(Record set)
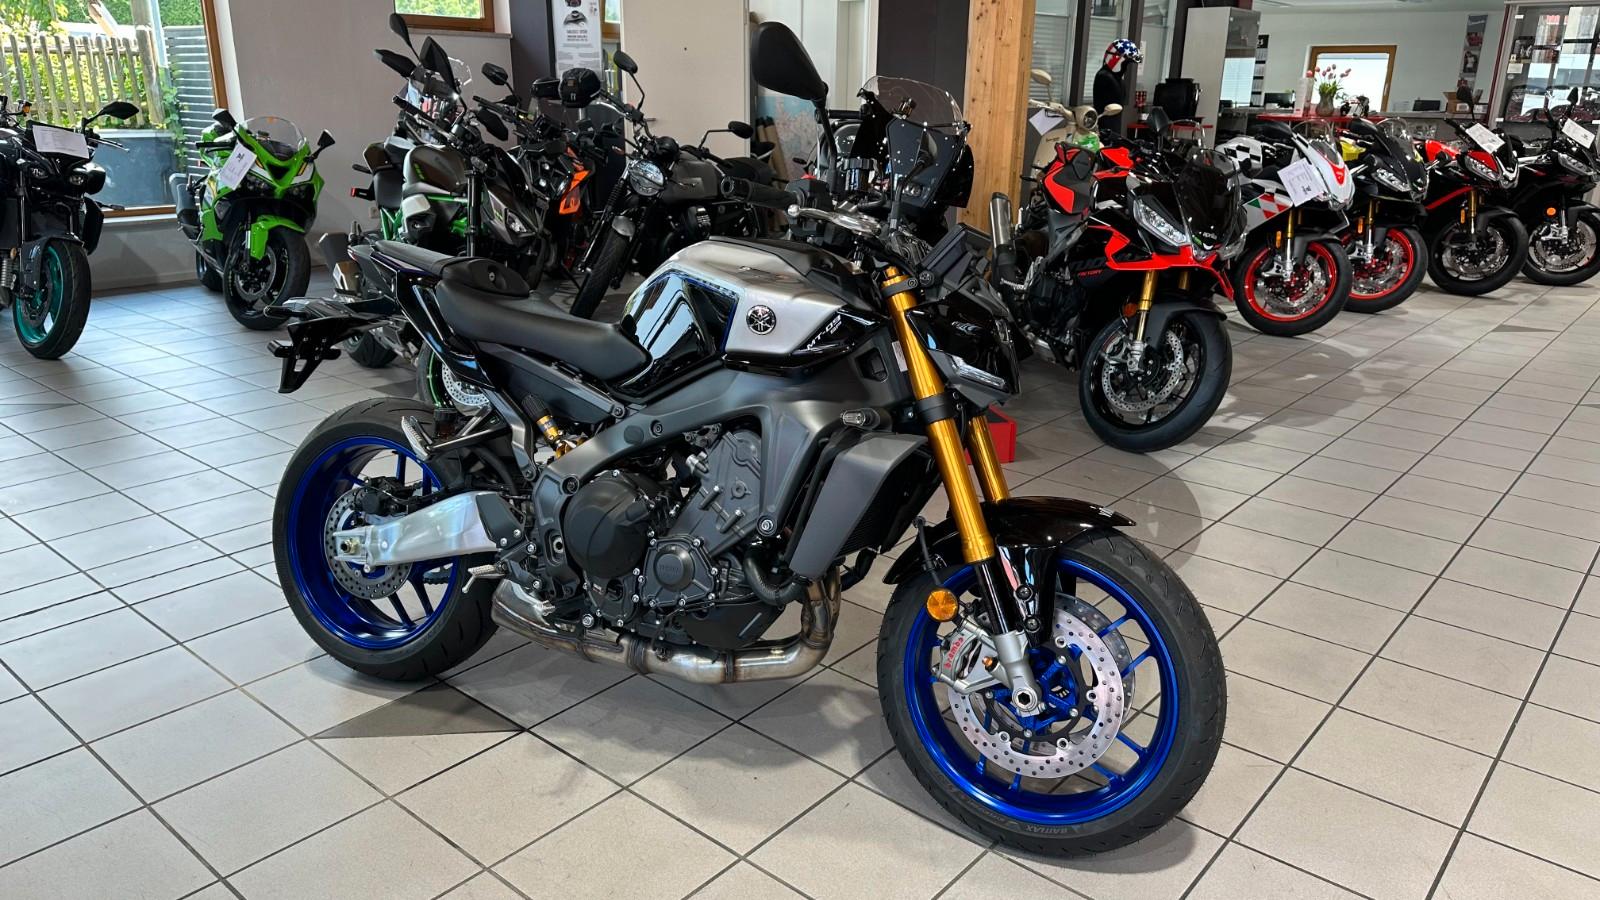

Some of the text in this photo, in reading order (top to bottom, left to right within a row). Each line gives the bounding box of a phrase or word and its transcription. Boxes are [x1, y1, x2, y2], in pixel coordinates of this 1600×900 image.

[806, 314, 841, 351] MT-09
[943, 636, 964, 669] brembo
[1024, 824, 1068, 835] BATTLAX
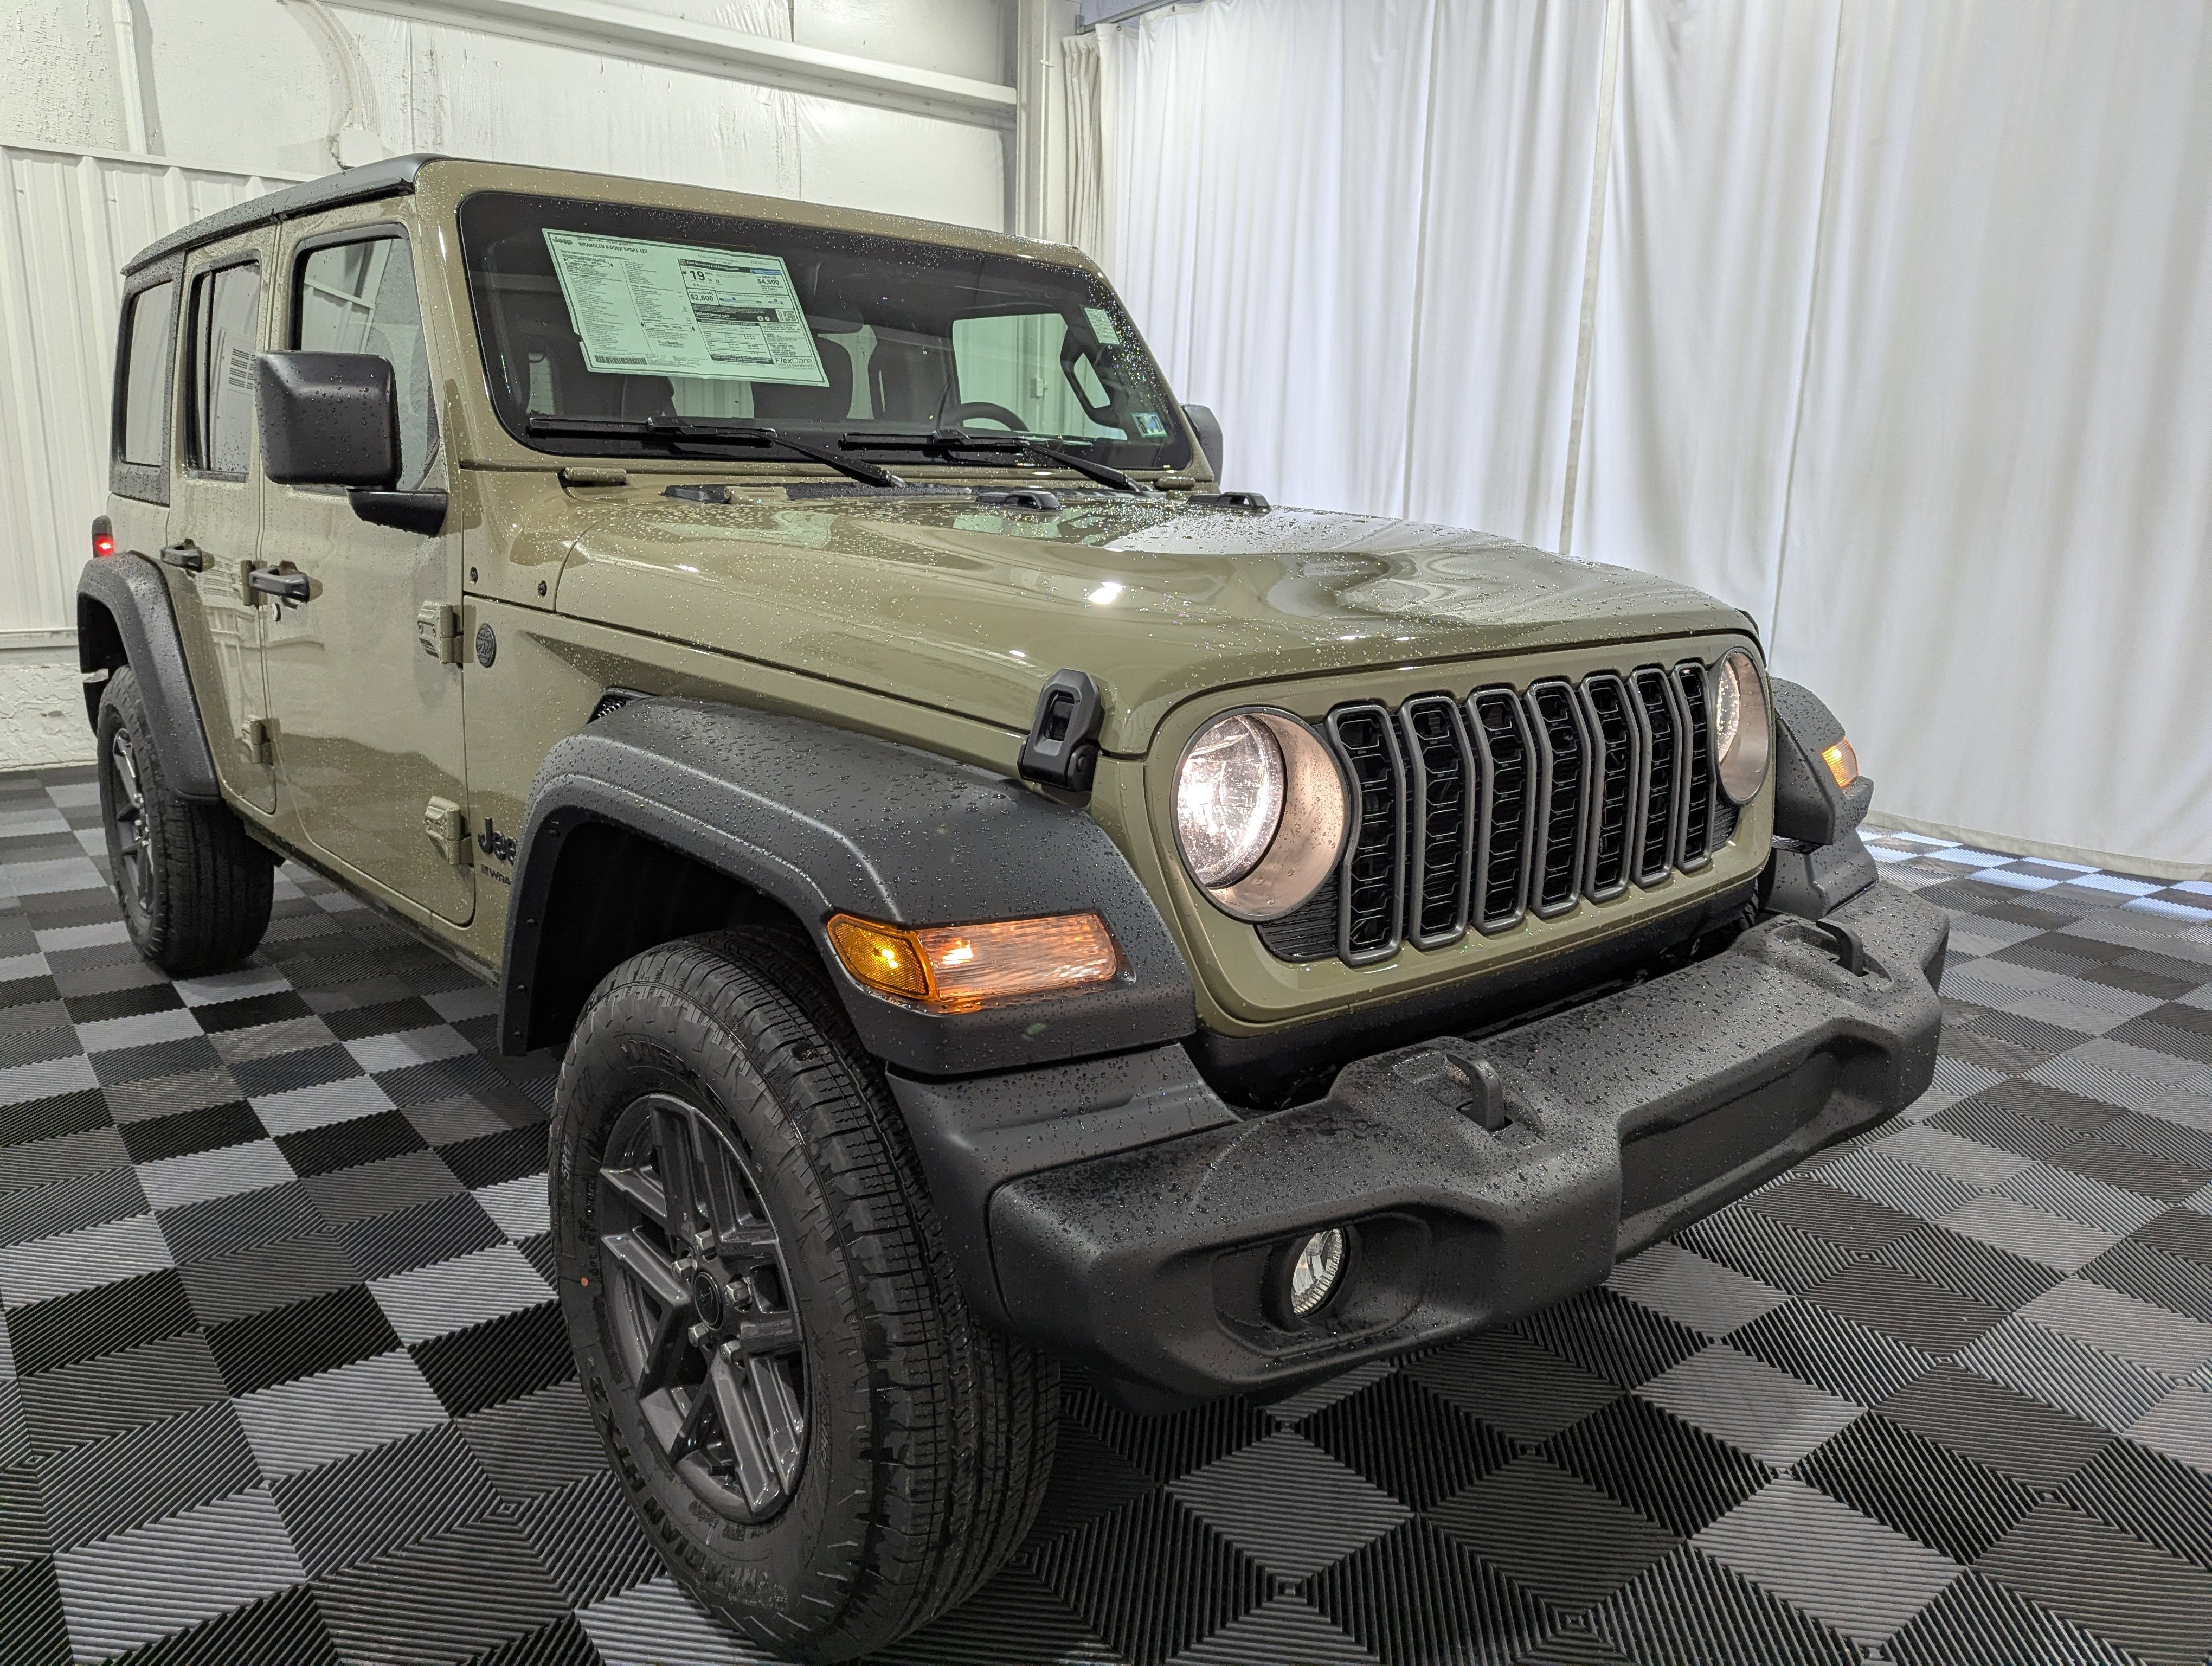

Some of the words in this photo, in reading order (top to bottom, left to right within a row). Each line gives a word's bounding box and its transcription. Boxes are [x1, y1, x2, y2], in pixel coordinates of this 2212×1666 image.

[552, 236, 573, 245] Jeep
[690, 270, 705, 281] 19
[477, 816, 518, 866] Jee
[488, 867, 512, 886] WRA
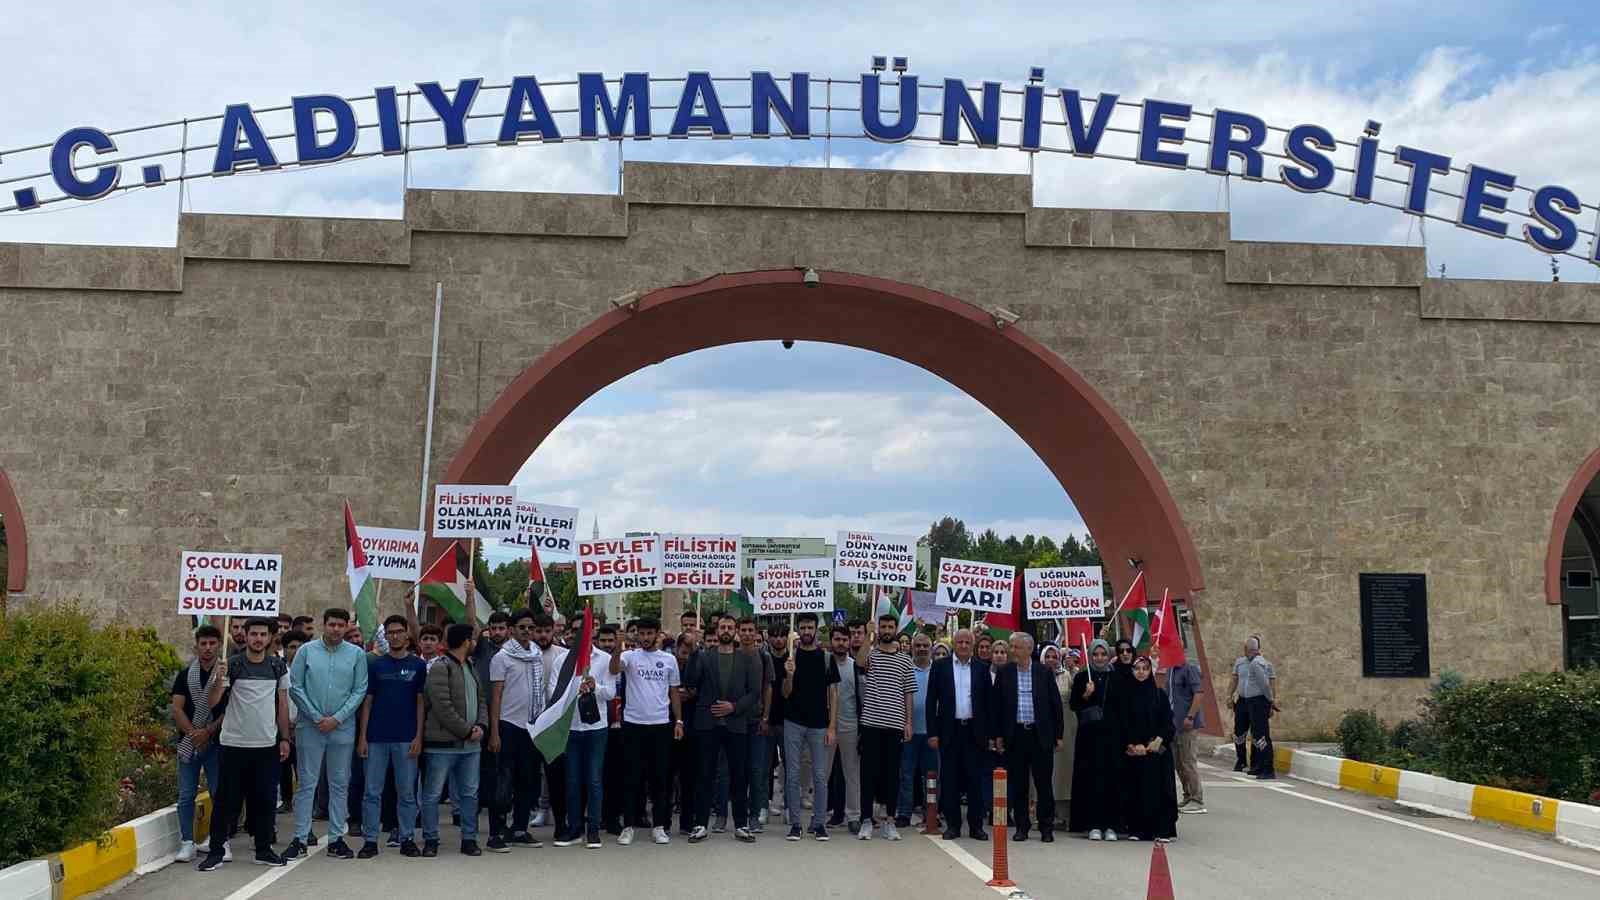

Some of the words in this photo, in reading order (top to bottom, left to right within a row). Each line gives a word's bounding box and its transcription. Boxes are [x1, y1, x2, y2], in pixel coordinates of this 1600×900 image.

[0, 127, 165, 211] .C.
[213, 71, 811, 176] ADIYAMAN
[439, 492, 513, 505] FİLİSTİN'DE
[438, 507, 512, 518] OLANLARA
[438, 519, 511, 530] SUSMAYIN
[515, 512, 574, 530] İVİLLERİ
[519, 525, 558, 535] HEDEF
[848, 532, 876, 541] İSRAİL
[358, 537, 419, 554] OYKIRIMA
[579, 540, 655, 556] DEVLET
[664, 537, 737, 552] FİLİSTİN
[846, 540, 908, 552] DÜNYANIN
[839, 549, 868, 559] GÖZÜ
[870, 552, 913, 562] ÖNÜNDE
[186, 556, 278, 572] ÇOCUKLAR
[377, 556, 416, 570] YUMMA
[582, 556, 656, 576] DEĞİL,
[768, 562, 790, 570] KATİL
[839, 558, 878, 570] SAVAŞ
[881, 562, 913, 573] SUÇU
[664, 570, 735, 585] DEĞİLİZ
[758, 570, 830, 580] SİYONİSTLER
[858, 570, 907, 582] İŞLİYOR
[942, 563, 1012, 580] GAZZE'DE
[1040, 570, 1086, 580] UĞRUNA
[184, 574, 276, 594] ÖLÜRKEN
[582, 574, 658, 591] TERÖRİST
[768, 580, 802, 590] KADIN
[804, 580, 820, 588] VE
[940, 574, 1012, 592] SOYKIRIM
[761, 590, 826, 600] ÇOCUKLARI
[946, 587, 1003, 609] VAR!
[182, 596, 276, 612] SUSULMAZ
[760, 601, 825, 611] ÖLDÜRÜYOR
[1031, 596, 1100, 610] ÖLDÜĞÜN
[1065, 608, 1102, 616] SENİNDİR
[638, 669, 664, 678] QATAR
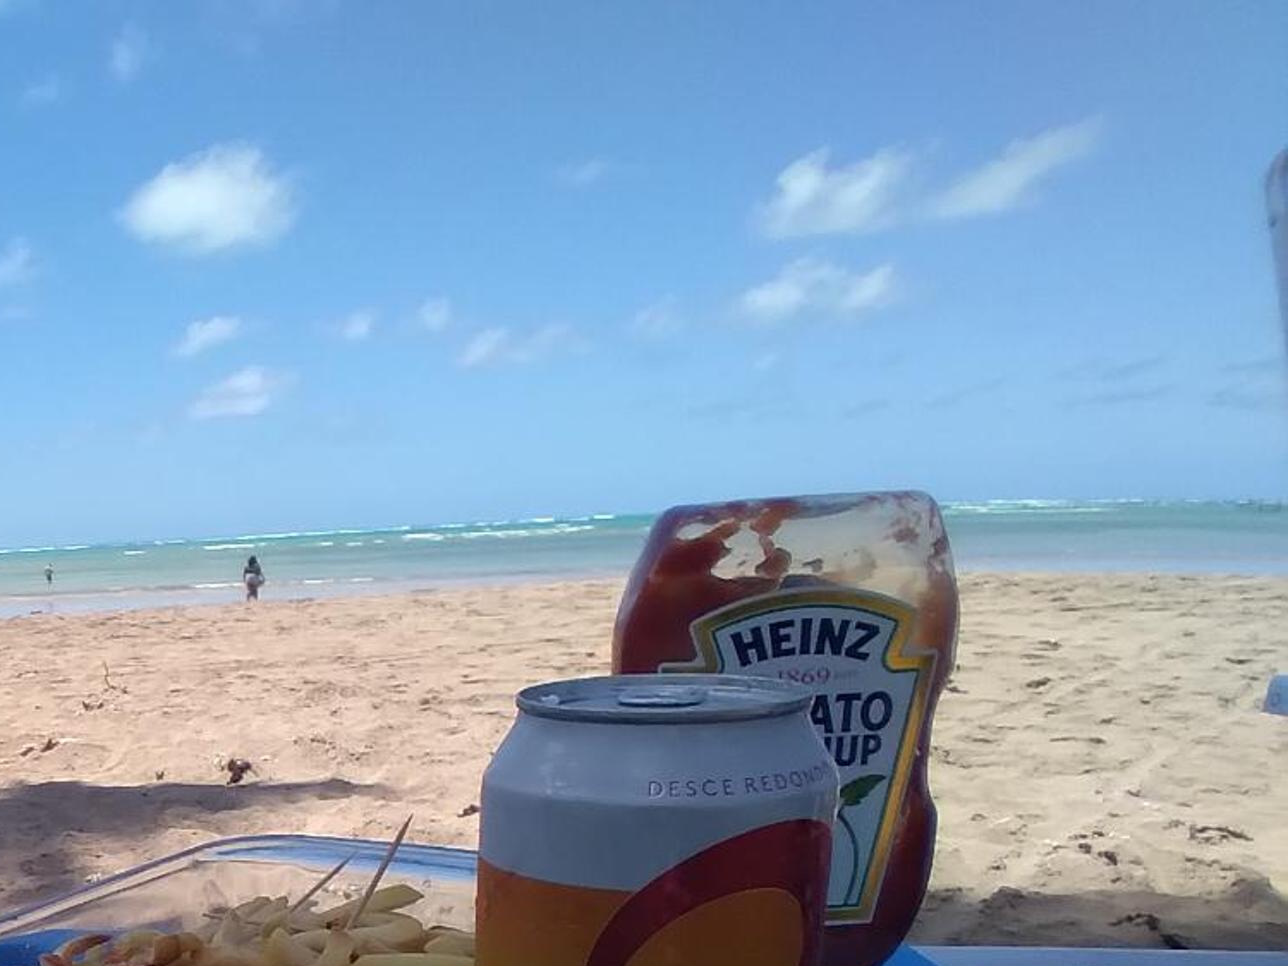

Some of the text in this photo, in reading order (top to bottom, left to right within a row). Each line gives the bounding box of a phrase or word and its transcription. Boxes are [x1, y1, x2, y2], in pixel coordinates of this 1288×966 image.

[730, 618, 881, 667] HEINZ
[810, 691, 893, 734] ATO
[648, 778, 735, 799] DESCE
(End Record set)
Leaving all pictures aside, quote each record exactly.

Some of the text in this photo, in reading order (top to bottom, left to right within a row). Each line gives the bounding box of a phrase or word and its transcription. Boxes are [x1, y1, x2, y2], in pixel coordinates of this 1600×900 image.

[806, 314, 841, 351] MT-09
[943, 636, 964, 669] brembo
[1024, 824, 1068, 835] BATTLAX

Some of the words in this photo, in reading order (top to bottom, left to right within a row). Each line gives a word's bounding box and its transcription. Boxes are [x1, y1, x2, y2], in pixel coordinates of this 2212×1666 image.

[552, 236, 573, 245] Jeep
[690, 270, 705, 281] 19
[477, 816, 518, 866] Jee
[488, 867, 512, 886] WRA

Some of the words in this photo, in reading order (top to bottom, left to right within a row). Each line gives a word's bounding box and its transcription. Boxes are [x1, y1, x2, y2], in pixel coordinates of this 1600×900 image.

[0, 127, 165, 211] .C.
[213, 71, 811, 176] ADIYAMAN
[439, 492, 513, 505] FİLİSTİN'DE
[438, 507, 512, 518] OLANLARA
[438, 519, 511, 530] SUSMAYIN
[515, 512, 574, 530] İVİLLERİ
[519, 525, 558, 535] HEDEF
[848, 532, 876, 541] İSRAİL
[358, 537, 419, 554] OYKIRIMA
[579, 540, 655, 556] DEVLET
[664, 537, 737, 552] FİLİSTİN
[846, 540, 908, 552] DÜNYANIN
[839, 549, 868, 559] GÖZÜ
[870, 552, 913, 562] ÖNÜNDE
[186, 556, 278, 572] ÇOCUKLAR
[377, 556, 416, 570] YUMMA
[582, 556, 656, 576] DEĞİL,
[768, 562, 790, 570] KATİL
[839, 558, 878, 570] SAVAŞ
[881, 562, 913, 573] SUÇU
[664, 570, 735, 585] DEĞİLİZ
[758, 570, 830, 580] SİYONİSTLER
[858, 570, 907, 582] İŞLİYOR
[942, 563, 1012, 580] GAZZE'DE
[1040, 570, 1086, 580] UĞRUNA
[184, 574, 276, 594] ÖLÜRKEN
[582, 574, 658, 591] TERÖRİST
[768, 580, 802, 590] KADIN
[804, 580, 820, 588] VE
[940, 574, 1012, 592] SOYKIRIM
[761, 590, 826, 600] ÇOCUKLARI
[946, 587, 1003, 609] VAR!
[182, 596, 276, 612] SUSULMAZ
[760, 601, 825, 611] ÖLDÜRÜYOR
[1031, 596, 1100, 610] ÖLDÜĞÜN
[1065, 608, 1102, 616] SENİNDİR
[638, 669, 664, 678] QATAR

Some of the text in this photo, in reading order (top to bottom, left to right within a row). Each line gives the bounding box of a phrase or word and its transcription. Boxes are [x1, y1, x2, y2], in pixel coordinates of this 1288×966 image.

[730, 618, 881, 667] HEINZ
[810, 691, 893, 734] ATO
[648, 778, 735, 799] DESCE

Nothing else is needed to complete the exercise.